The poet emerges at sunrise:
alone, as always, and without plan;
when else can he perceive the way
the lark’s sudden departure sends
a crown of halos rippling toward the bank?
His words cast common objects
in an unfamiliar light,
finding sacredness in the profane
and humor even in darkness.
“Yes,” we say,
“it is just like that, isn’t it?
We humans are a funny lot,
and much the same.”

Daylight belongs to the merchants,
the farmers, the tradesmen:
practical men with calloused hands,
theirs is not a life of glamour, but
they keep the world humming along
in good time and good taste
(that is, until the politicians –
who rush forward in late afternoon –
insist to show them all a better way);
busy, busy, is the day –
too busy for an unhurried thought
or unsuspected flash of genius,
too bright its rays.

The philosopher emerges at twilight
to remind the world what it has lost.
“Now we long for the return
of what we once despised…”
His warning is spoken too late, but
he writes the epitaph of the epoch,
understanding in hindsight
what was happening all along.
“We thought ourselves too clever,
building castles out of sand…
Ah!
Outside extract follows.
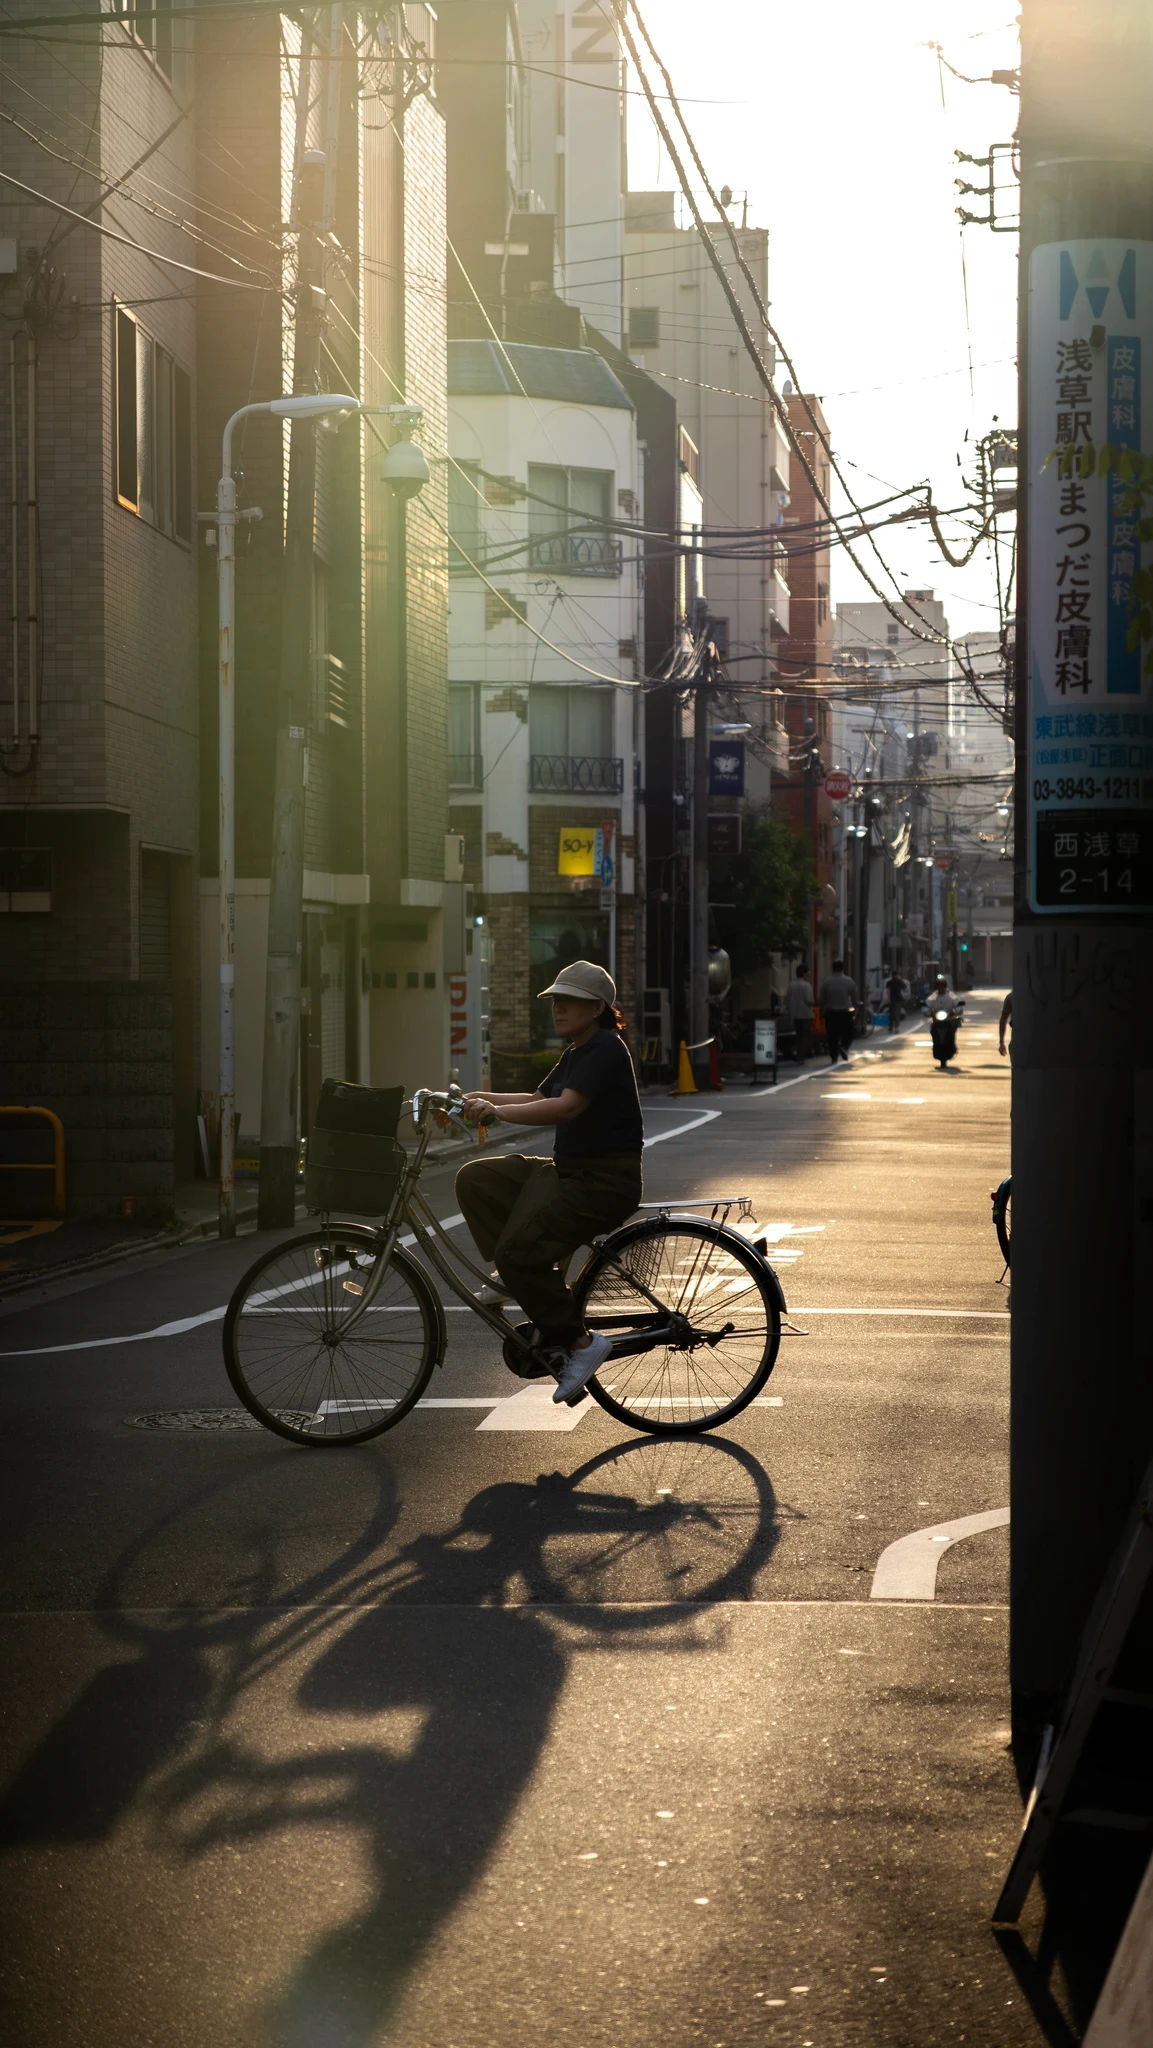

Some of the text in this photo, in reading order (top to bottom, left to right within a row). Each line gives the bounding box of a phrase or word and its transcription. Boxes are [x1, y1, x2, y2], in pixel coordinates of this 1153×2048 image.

[1055, 338, 1093, 695] 浅草駅前まつだ皮膚科
[1033, 777, 1140, 801] 03-3843-1211
[1053, 831, 1142, 860] 西浅草
[1058, 867, 1136, 894] 2-14
Alack! And what remains?”

The artist appears in the moonlight,
untroubled by the fall of empires;
somehow he knows humanity will survive
this latest apocalypse.
The passing era has left at his disposal
more than enough fragments:
shards of marble and of clay
to be sifted through and studied
till he can fashion a new way:
“Bold! Revolutionary! Daring!” they exclaim,
as skepticism fades to praise.

The poet emerges at sunrise…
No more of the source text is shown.